VALIE EXPORT, Bildrecht, Wien 2023 / Alfred Damm

Bisher Unbekanntes

Gerade deshalb und auch aufgrund ihrer international präsenten Videos und Fotografien, die zu feministischen Ikonen avanciert sind, scheint man ihr Werk gut zu kennen. Was soll es denn noch Neues aus den 70er-Jahren geben?

Wie die Schau beweist: noch so einiges. Denn zum einen konnte Kurator Moser noch nie ausgestellte Serien sowie Collagen zusammentragen, auf denen Export beispielsweise Frauenfiguren wie Maria oder Venus in klassischen Gemälden reinszenierte und visuell überlieferte Geschlechterrollen offenlegte.

Zum anderen wird ein Konzept aus dem Jahr 1970, das bisher nur als Idee existierte, erstmals realisiert. Der Fotoraum stellt eine installative Illusion dar, die durch Fotografien vom Außenraum – in diesem Fall der Albertina – erzeugt wird. Draußen wird nach innen gestülpt, die Wände niedergerissen.

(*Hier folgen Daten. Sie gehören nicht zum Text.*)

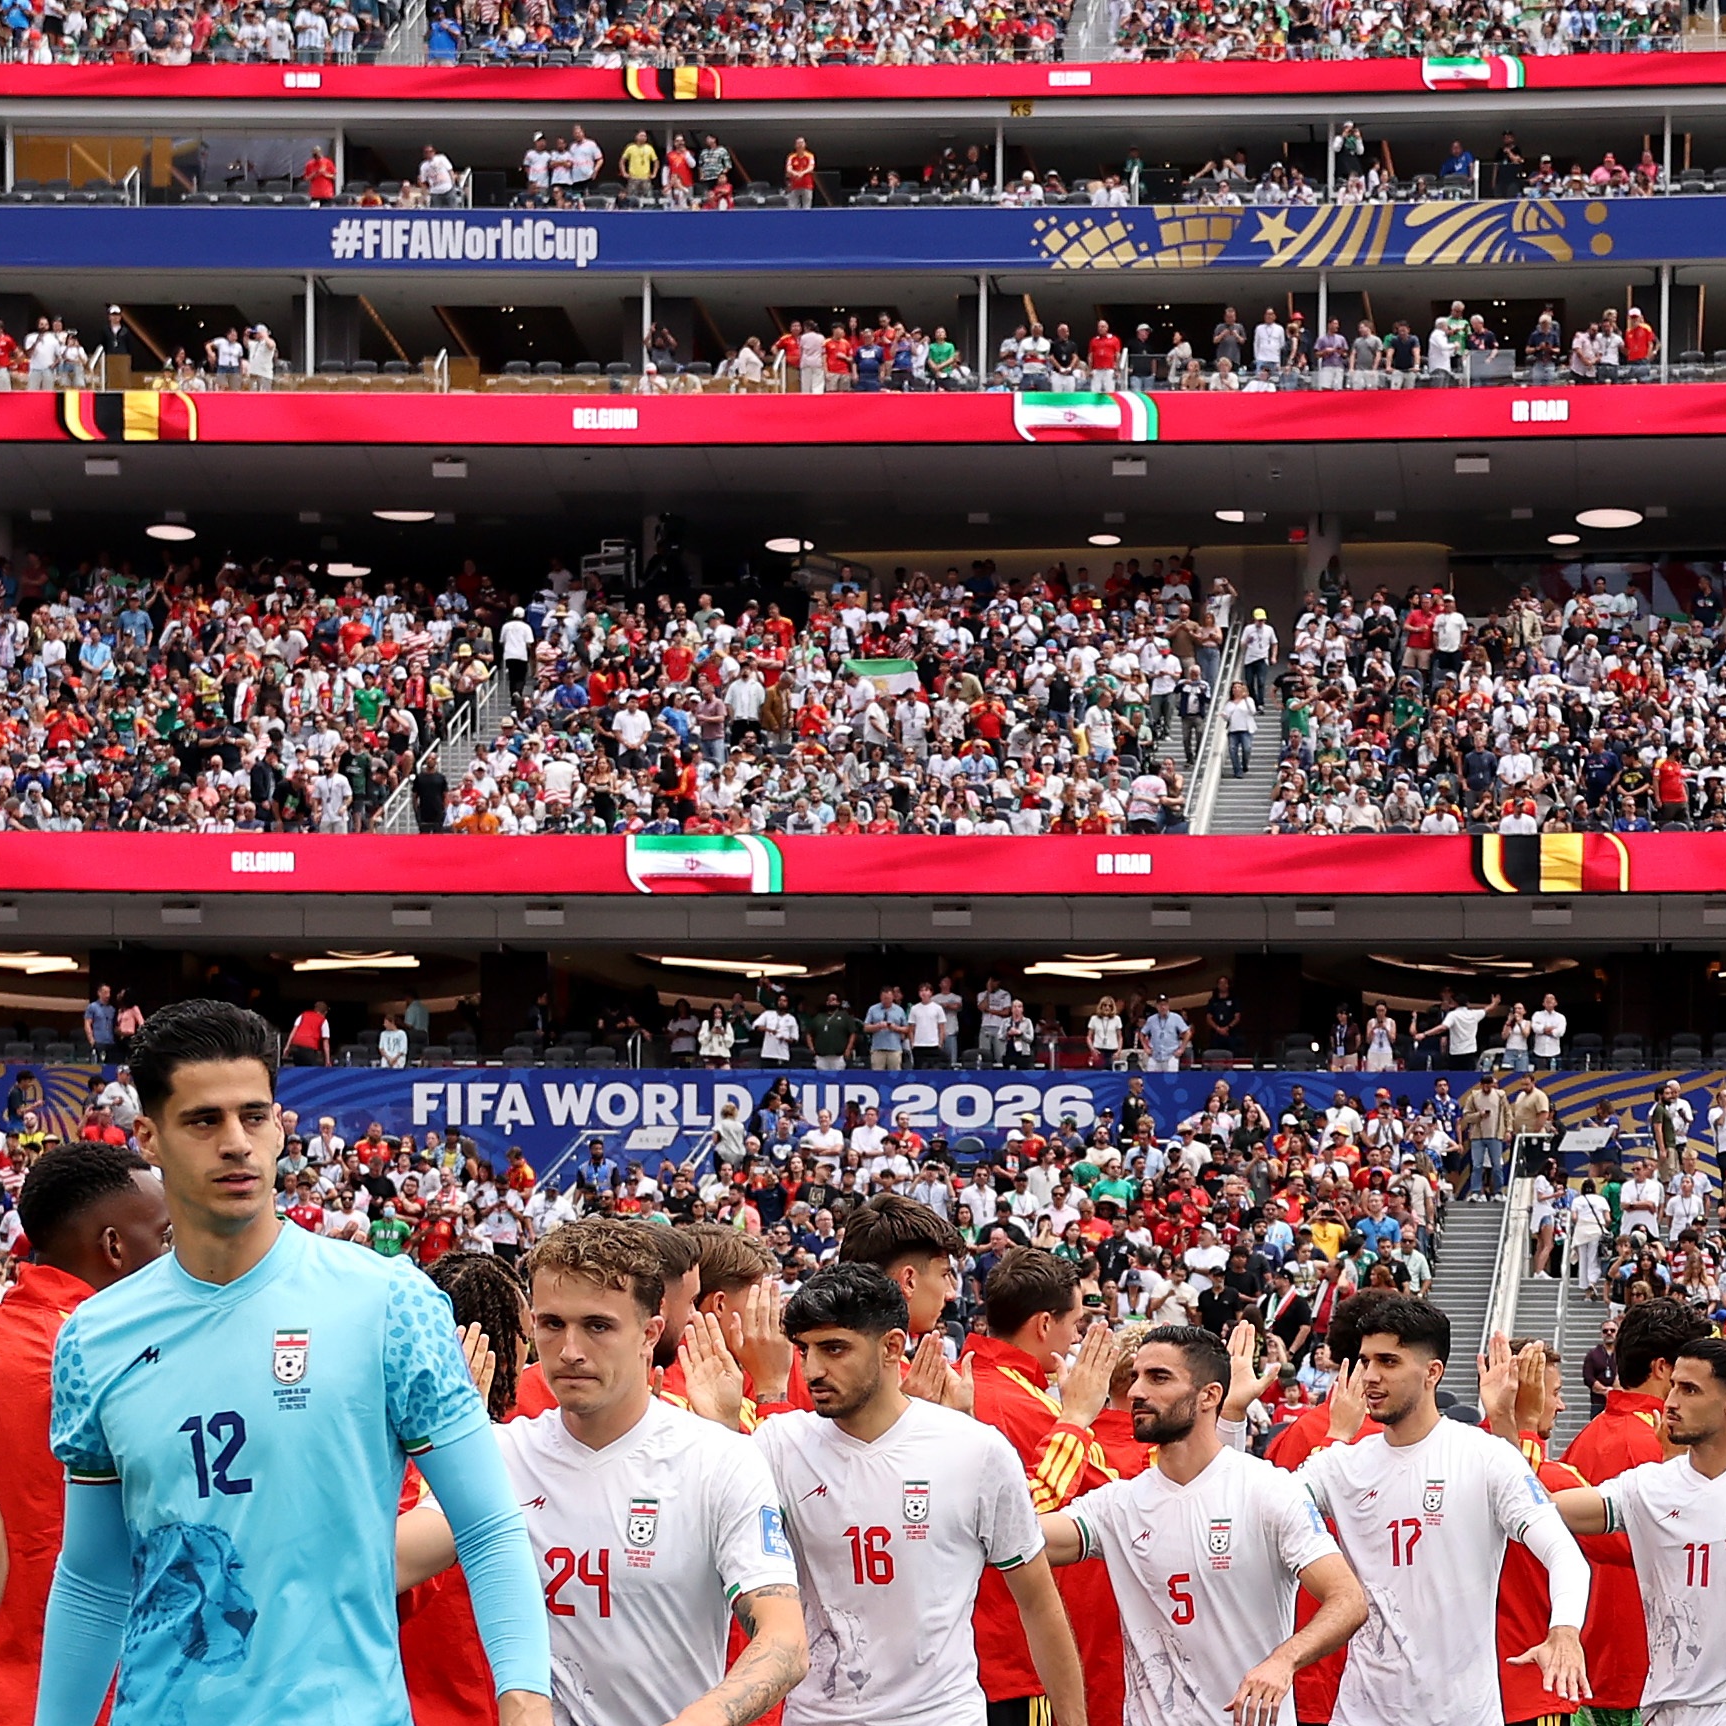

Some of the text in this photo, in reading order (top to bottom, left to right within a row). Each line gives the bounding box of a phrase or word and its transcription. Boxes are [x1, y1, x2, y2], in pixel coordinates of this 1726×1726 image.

[331, 216, 600, 267] #FIFAWorldCup
[573, 408, 638, 430] BELGIUM
[1512, 400, 1569, 422] IR IRAN
[231, 852, 295, 872] BELGIUM
[1096, 854, 1152, 874] IR IRAN
[412, 1083, 1094, 1128] FIFA WORLD UP 2026
[178, 1410, 253, 1499] 12
[842, 1526, 895, 1585] 16
[1386, 1518, 1423, 1567] 17
[1682, 1543, 1711, 1588] 11
[544, 1546, 611, 1618] 24
[1167, 1573, 1195, 1626] 5

Tapp und Tastkino / Valie Export
Das 1968 in Wien und München aufgeführte "Tapp und Tastkino" zählt zu Valie Exports bekanntesten Aktionen.
VALIE EXPORT, Bildrecht, Wien / Werner Schulz

Kamera und Konzept

Und keine Sorge, die bekannten und publikumswirksamen Aktionen wie das Tapp und Tastkino oder Aus der Mappe der Hundigkeit sowie Rauminstallationen und Videos fehlen natürlich nicht. Als großformatige Originalabzüge locken sie in die strategisch ausgeklügelte und ästhetisch gelungene Ausstellung mit Stellwänden in rauer Beton-Optik.

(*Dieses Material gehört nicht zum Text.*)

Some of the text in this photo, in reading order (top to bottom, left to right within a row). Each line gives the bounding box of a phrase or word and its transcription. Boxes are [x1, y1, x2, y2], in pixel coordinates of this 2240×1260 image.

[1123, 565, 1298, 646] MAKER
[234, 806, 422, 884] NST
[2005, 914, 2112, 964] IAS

Stück für Stück kristallisiert sich darin Exports wandelnder Einsatz der Fotografie heraus: So dokumentierte sie nicht nur ihre ephemeren Performances mit der Kamera, sondern inszenierte bewusst für das Foto. Zugrunde lag stets ein Konzept, das immer deutlicher wird.

Als Paradebeispiel für ihre spannende Konzeptfotografie gilt die Serie der Körperkonfigurationen, bei der Export ihren Körper an Architekturen der Macht im Wiener Stadtraum wie dem Parlament oder dem Heldenplatz anfügte und somit fixer Teil dessen wurde. (Katharina Rustler, 23.6.2023)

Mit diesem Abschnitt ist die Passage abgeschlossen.